Saturday, July 28, 2012

Infectious nucleosis/Glandular fever

Today I was involved in a case on infectious mononucleosis, also known as the Kissing Disease. I found this case very interesting so am going to write about it here. Sources used for this post include direct experience and eMedicine.

Infectious mononucleosis is a syndrome comprising fever, pharyngitis and lymphadenopathy. It is caused by infection by Epstein-Barr Virus (EBV). It is transmitted via intimate contact with body secretions, primarily oropharyngeal secretion (ie. kissing). In a host, EBV will affect the reticular endothelial system (liver, spleen, peripheral lymph nodes). Pharyngitis is due to proliferation of EBV-infected B lymphocytes in the lymphatic tissue of the orophrynx.



Other symptoms include fatigue (resolving gradually but sometimes lasting up to 3 months), spontaneous splenic rupture (so avoid contact sports while ill), hepatic necrosis, fever, chills, arthralgias, myalgias, nausea, vomitting, anorexia, cough, photophobia, chest pain, jaundice.

EBV infection also increases the risk of developing both Hodgkin and non-Hodgkin lymphoma, oral hairy leukoplakia (in those with HIV coinfection), Burkitt lymphoma and nasopharyngeal carcinoma.

Pressure Points (ie. where you could go wrong)
  • Exudative pharyngitis is commonly confused with group A streptococcal pharyngitis, and this is further complicated by the fact that approximately 30% of patients with EBV infectious mononucleosis have group A strep carriage of the oropharynx.
Rashes
  • Earlier in the course patients may present with a maculopapular rash (faint, evanescent, rapidly disappears, non-pruritic).
  • If patients are administered ampicillin or amoxicillin (if their doctor mistakes the pharyngitis for strep throat) then the patient could develop a maculopapular rasj as a drug reaction. This rash is pruritic and prolonged. These patients are not allergic to these medications. Administration of beta-lactams after resolution of the infection will not result in drug fevers or rashes.
Investigations include heterophile antibody tests:
  • Paul-Bunnell test: Sheep blood agglutinates in the presence of heterophile antibodies.
  • Monospot test (less sensitive): Horse blood agglutinates in presence of heterophile antibodies.
Can also look for anti-EBV antibodies. IgM (acute), IgG (chronic). FBC will show increased lymphocytes. ESR will help differentiate between strep throat and EBV (ESR raised in EBV but not in strep throat).

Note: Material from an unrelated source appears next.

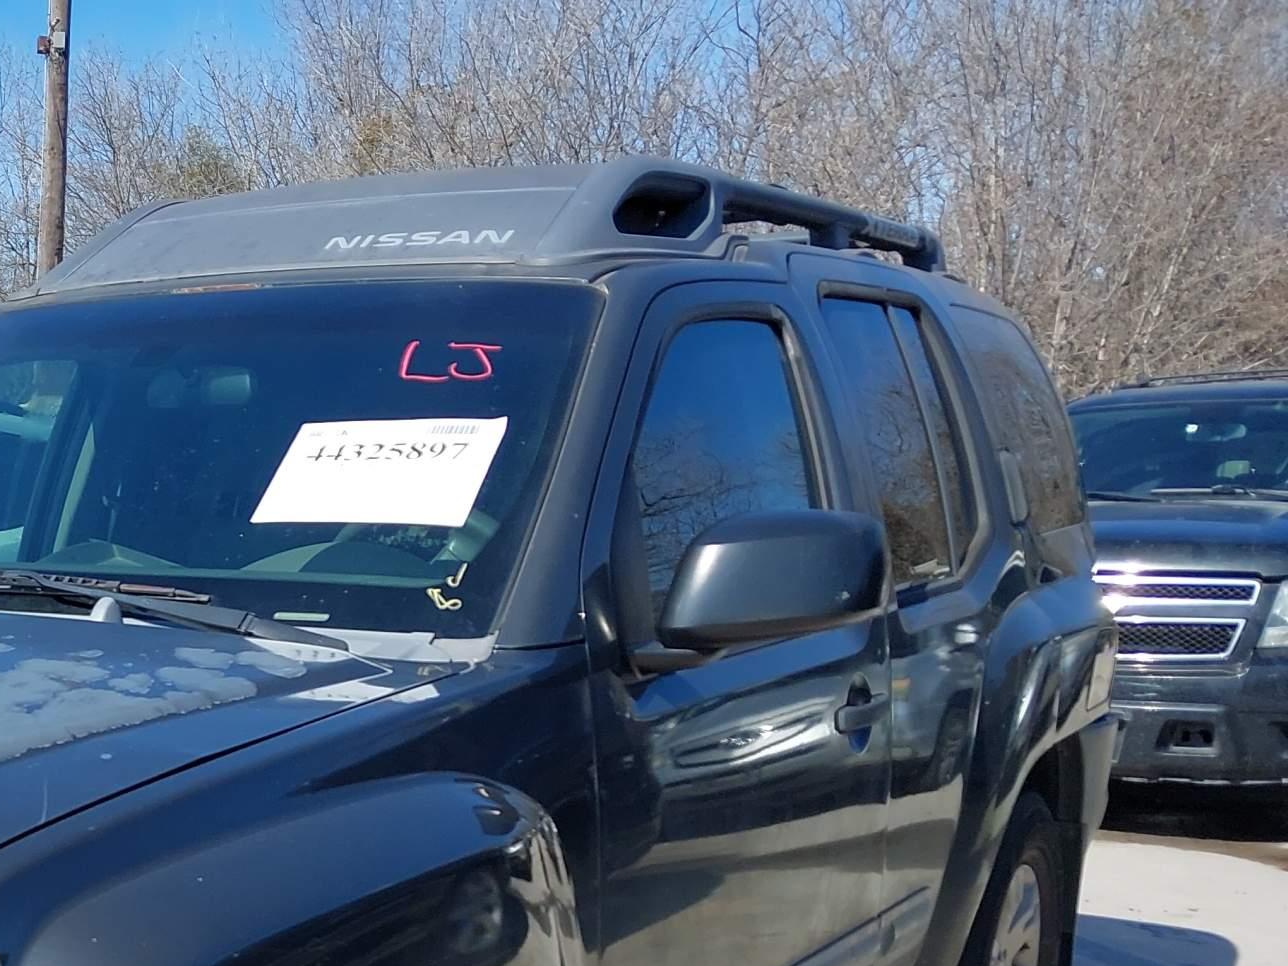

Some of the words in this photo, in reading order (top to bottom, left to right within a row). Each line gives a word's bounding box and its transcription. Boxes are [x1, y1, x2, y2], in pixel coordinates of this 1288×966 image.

[324, 230, 515, 250] NISSAN
[399, 339, 503, 382] LJ
[306, 442, 469, 462] 44325897

Patients suspected to have infectious mono dont need to have throat swabs because 30% will be colonised by Strep anyway and the result of this test will not change management.

Management is symptomatic and includes monitoring for tonsillar enlargement (could cause airway obstruction). Impending or established airway obstruction can be treated with steroids. Advise to rest and refrain from active physical activity for 3 weeks. Dont need to treat the throat even with positive throat cultures because that represents colonisation rather than infection. Patients should avoid exposing other people to their bodily fluids as EBV remains viable in patients for months after initial infection.